NBER working paper series no. w26681
Language:
English
Physical Description:
1 online resource: illustrations (black and white);
Other Title:
Unpacking Skill Bias
Place of Publication:
Cambridge, Mass. National Bureau of Economic Research 2020.
Summary:
The standard approach to modeling inequality, building on Tinbergen's seminal work, assumes factor-augmenting technologies and technological change biased in favor of skilled workers. Though this approach has been successful in conceptualizing and documenting the race between technology and education, it is restrictive in a number of crucial respects. First, it predicts that technological improvements should increase the real wages of all workers. Second, it requires sizable productivity growth to account for realistic changes in relative wages. Third, it is silent on changes in job and task composition. We extend this framework by modeling the allocation of tasks to factors and allowing richer forms of technological changes in particular, automation that displaces workers from tasks they used to perform, and the creation of new tasks that reinstate workers into the production process. We show that factor prices depend on the set of tasks that factors perform, and that automation: (i) powerfully impacts inequality; (ii) can reduce real wages; and (iii) can generate realistic changes in inequality with small changes in productivity.
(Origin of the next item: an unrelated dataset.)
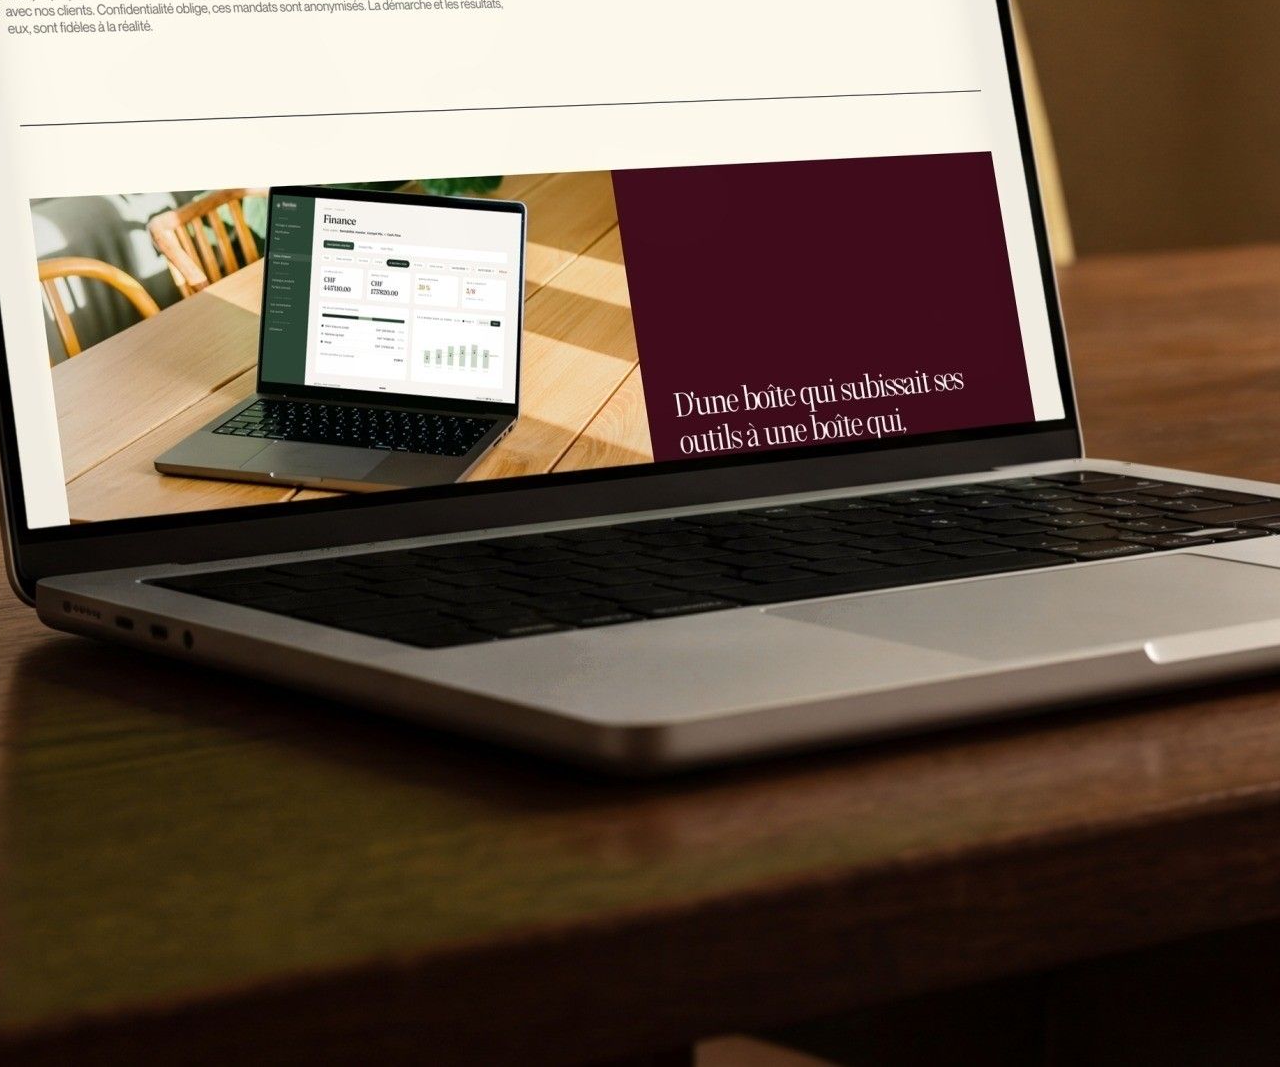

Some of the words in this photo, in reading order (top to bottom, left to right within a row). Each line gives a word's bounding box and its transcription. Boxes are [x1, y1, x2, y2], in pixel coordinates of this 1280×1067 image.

New tasks, on the other hand, can increase or reduce inequality depending on whether it is skilled or unskilled workers that have a comparative advantage in these new activities. Using industry-level estimates of displacement driven by automation and reinstatement due to new tasks, we show that displacement is associated with significant increases in industry demand for skills both before 1987 and after 1987, while reinstatement reduced the demand for skills before 1987, but generated higher demand for skills after 1987. The combined effects of displacement and reinstatement after 1987 explain a significant part of the shift towards greater demand for skills in the US economy.
Notes:
Print version record
January 2020.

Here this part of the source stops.